WHAT TO PRODUCE
A picture-free, exact copy of all the records below is the goal.

Collected data
----
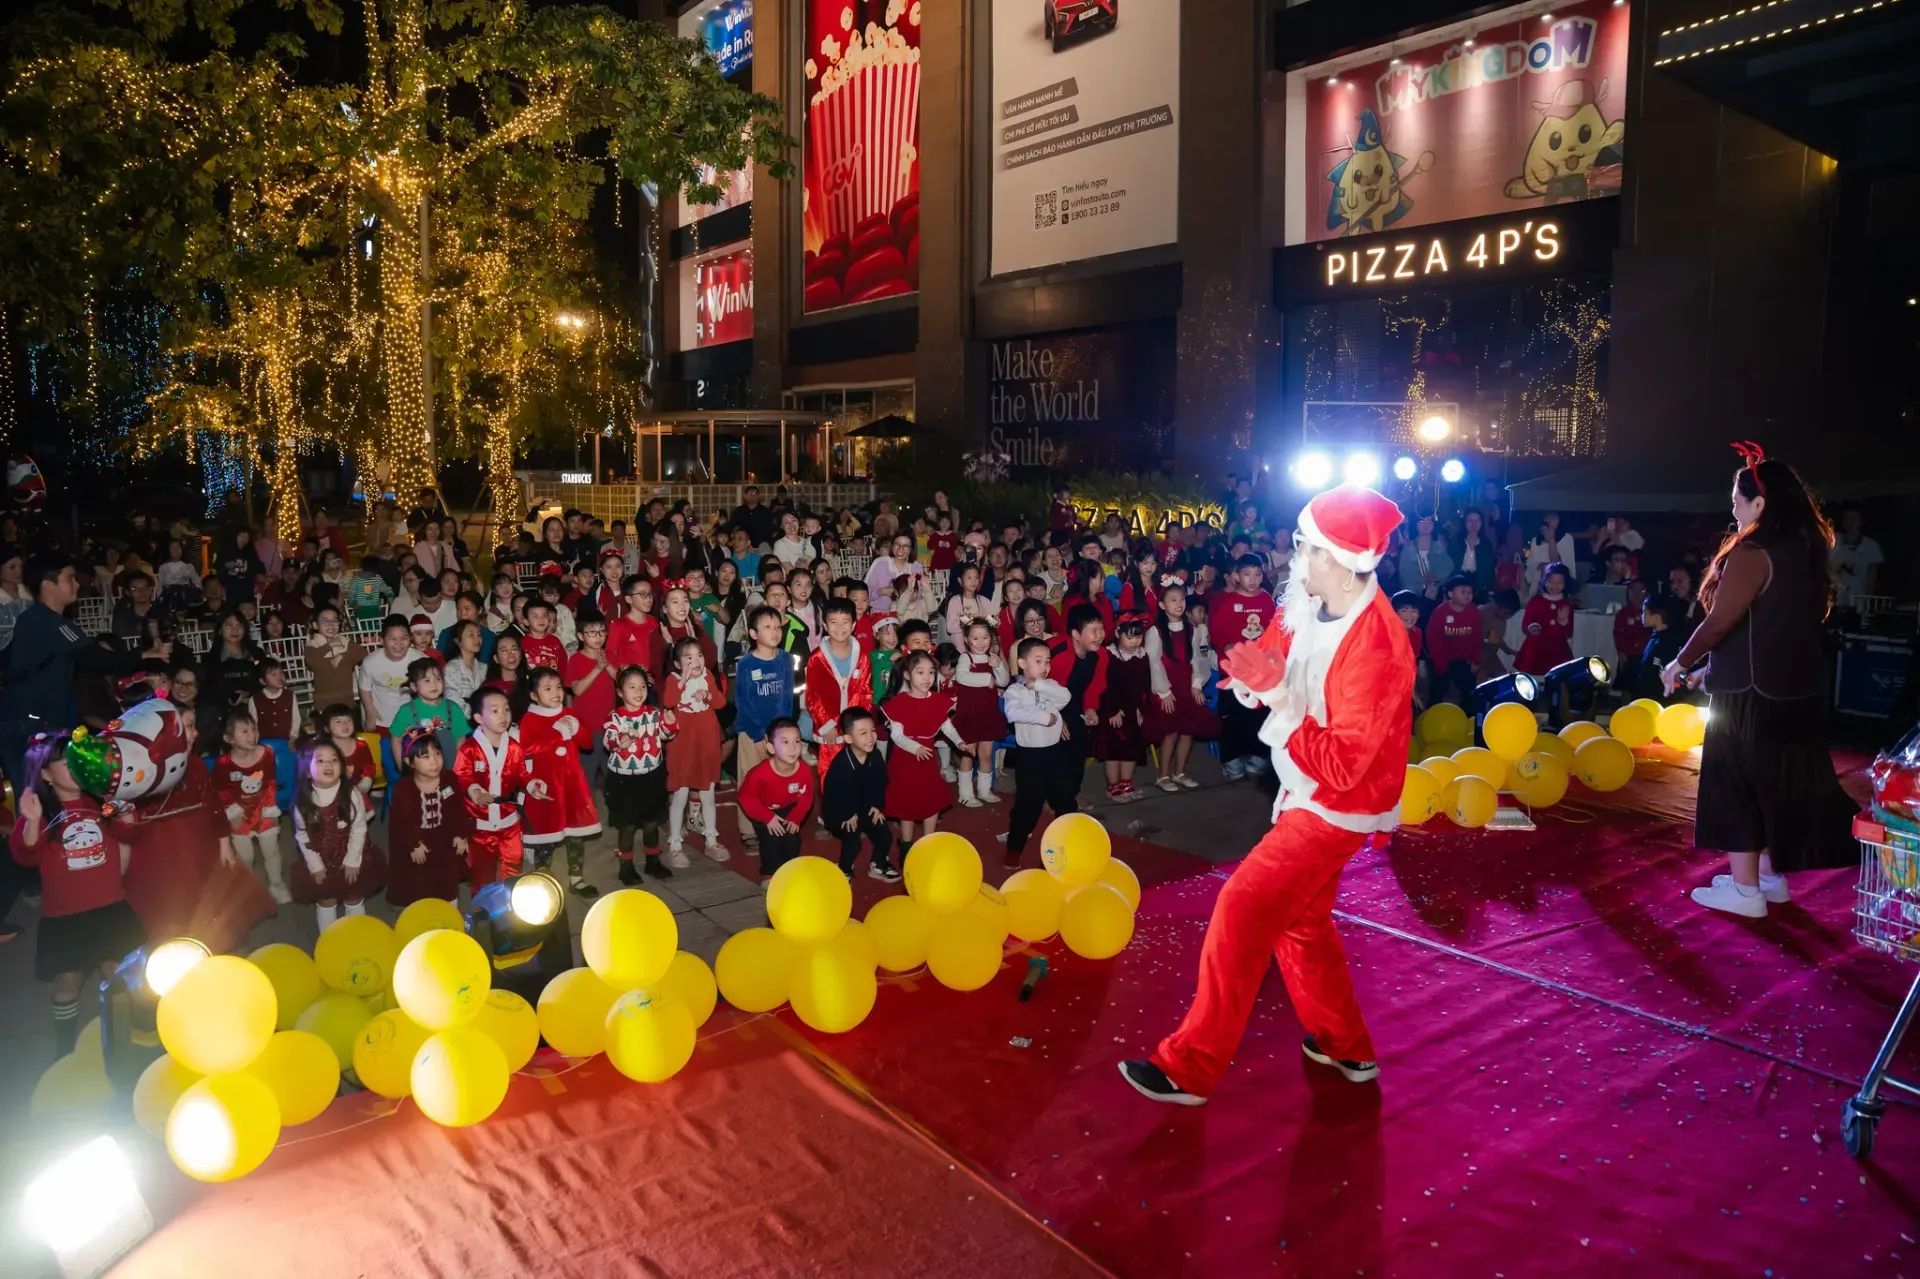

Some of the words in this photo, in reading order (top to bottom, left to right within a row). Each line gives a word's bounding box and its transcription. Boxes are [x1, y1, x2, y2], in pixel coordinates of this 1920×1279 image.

[734, 36, 743, 53] in
[1025, 147, 1042, 161] SÁCH
[1090, 177, 1108, 190] ngay
[1070, 188, 1127, 208] vinfastauto.com
[1071, 208, 1088, 221] 1900
[1089, 206, 1098, 217] 23
[1100, 203, 1109, 215] 23
[1110, 201, 1120, 212] 89
[1328, 239, 1448, 286] PIZZA
[1466, 221, 1560, 268] 4P'S
[991, 340, 1055, 381] Make
[990, 384, 1026, 424] the
[1030, 379, 1100, 421] World
[990, 426, 1055, 466] Smile
[561, 473, 592, 485] STARBUCKS
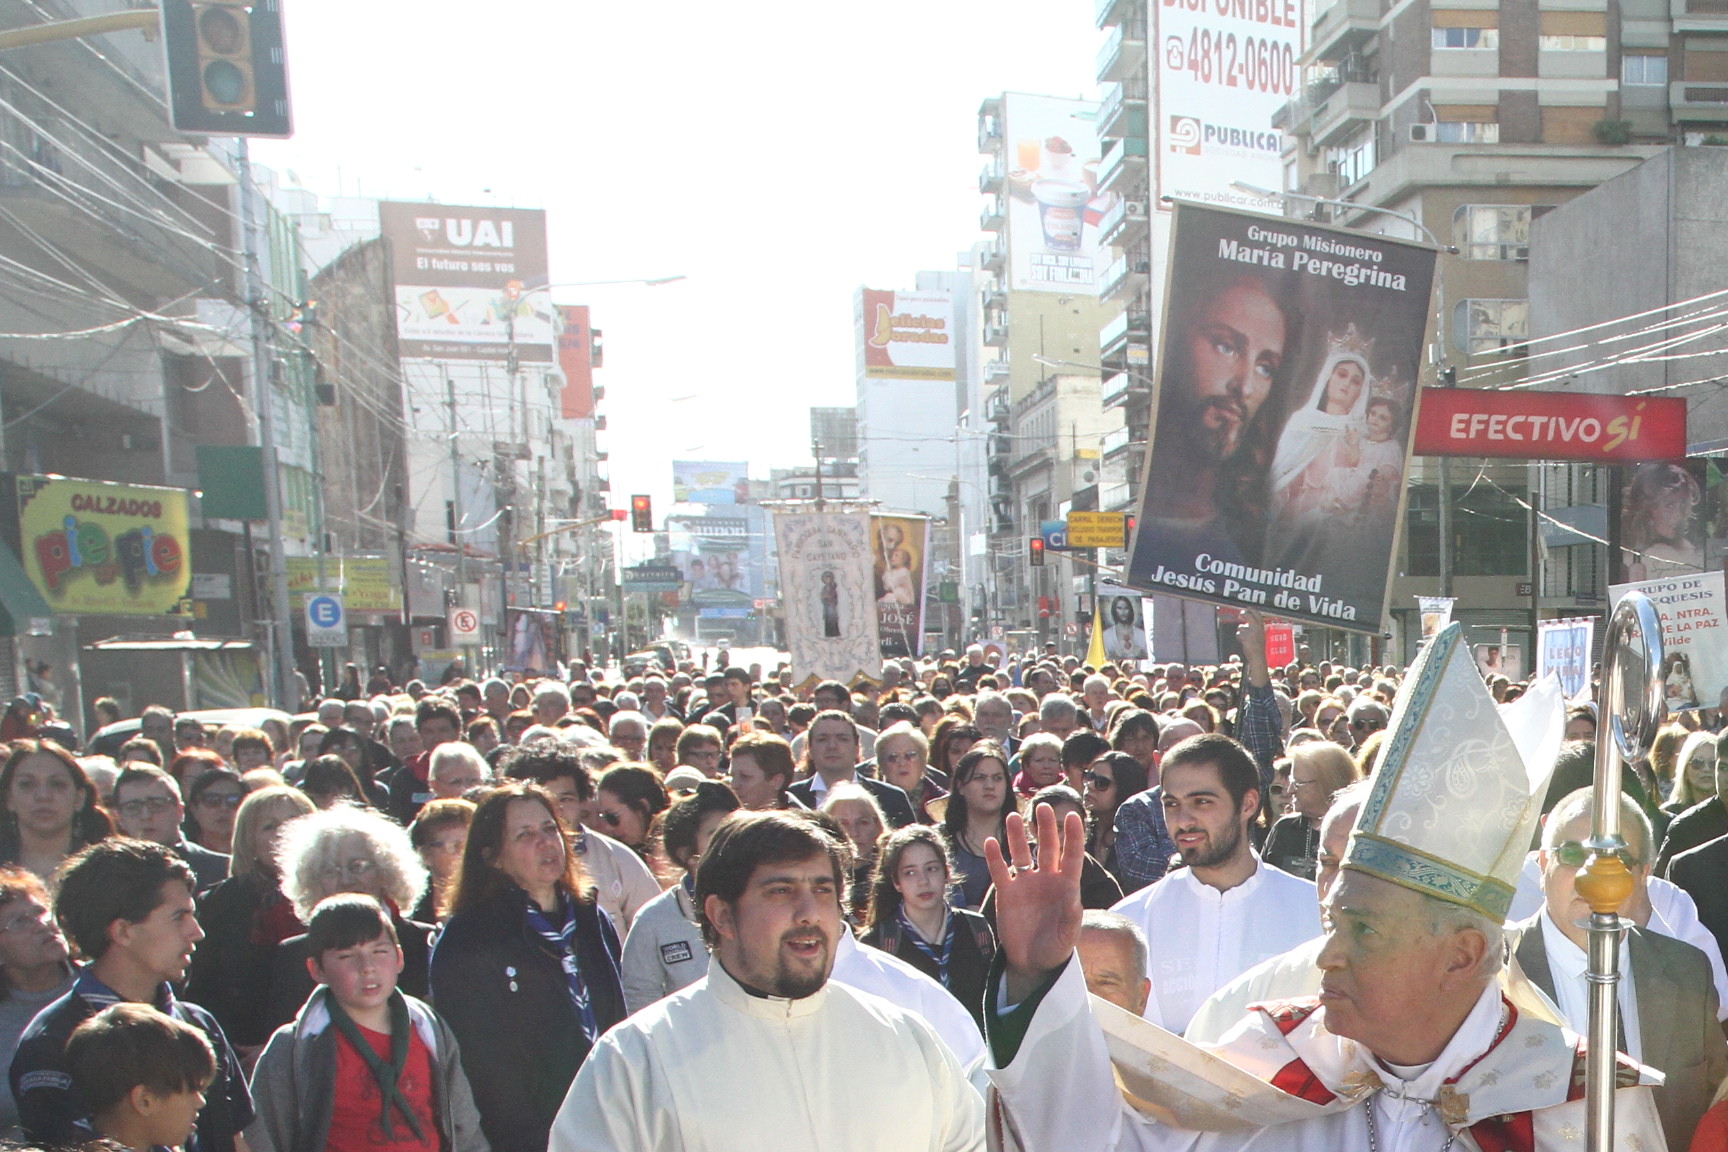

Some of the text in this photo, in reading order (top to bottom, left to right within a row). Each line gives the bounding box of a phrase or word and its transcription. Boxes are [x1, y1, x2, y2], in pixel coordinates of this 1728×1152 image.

[1187, 26, 1294, 95] 4812-0600
[446, 218, 513, 247] UAI
[1247, 225, 1383, 263] Grupo Misionero
[1218, 238, 1407, 292] María Peregrina
[1450, 413, 1601, 443] EFECTIVO
[71, 494, 162, 518] CALZADOS
[818, 539, 833, 547] SAN
[806, 552, 847, 561] CAYETANO
[1195, 553, 1323, 593] Comunidad
[1151, 565, 1356, 621] Jesús Pan de Vida
[1633, 579, 1702, 594] RUPO DE
[1651, 590, 1713, 606] EQUESIS
[318, 602, 334, 622] E
[880, 612, 915, 625] JOSÉ
[1676, 607, 1714, 618] NTRA.
[1677, 623, 1692, 632] LA
[1695, 618, 1720, 629] PAZ
[1549, 646, 1582, 660] LEGO
----
EXERCISE RESULT
Some of the words in this photo, in reading order (top to bottom, left to right within a row). Each line gives a word's bounding box and its transcription. Boxes are [x1, y1, x2, y2], in pixel coordinates of this 1920×1279 image.

[734, 36, 743, 53] in
[1025, 147, 1042, 161] SÁCH
[1090, 177, 1108, 190] ngay
[1070, 188, 1127, 208] vinfastauto.com
[1071, 208, 1088, 221] 1900
[1089, 206, 1098, 217] 23
[1100, 203, 1109, 215] 23
[1110, 201, 1120, 212] 89
[1328, 239, 1448, 286] PIZZA
[1466, 221, 1560, 268] 4P'S
[991, 340, 1055, 381] Make
[990, 384, 1026, 424] the
[1030, 379, 1100, 421] World
[990, 426, 1055, 466] Smile
[561, 473, 592, 485] STARBUCKS

Some of the text in this photo, in reading order (top to bottom, left to right within a row). Each line gives the bounding box of a phrase or word and its transcription. Boxes are [x1, y1, x2, y2], in pixel coordinates of this 1728×1152 image.

[1187, 26, 1294, 95] 4812-0600
[446, 218, 513, 247] UAI
[1247, 225, 1383, 263] Grupo Misionero
[1218, 238, 1407, 292] María Peregrina
[1450, 413, 1601, 443] EFECTIVO
[71, 494, 162, 518] CALZADOS
[818, 539, 833, 547] SAN
[806, 552, 847, 561] CAYETANO
[1195, 553, 1323, 593] Comunidad
[1151, 565, 1356, 621] Jesús Pan de Vida
[1633, 579, 1702, 594] RUPO DE
[1651, 590, 1713, 606] EQUESIS
[318, 602, 334, 622] E
[880, 612, 915, 625] JOSÉ
[1676, 607, 1714, 618] NTRA.
[1677, 623, 1692, 632] LA
[1695, 618, 1720, 629] PAZ
[1549, 646, 1582, 660] LEGO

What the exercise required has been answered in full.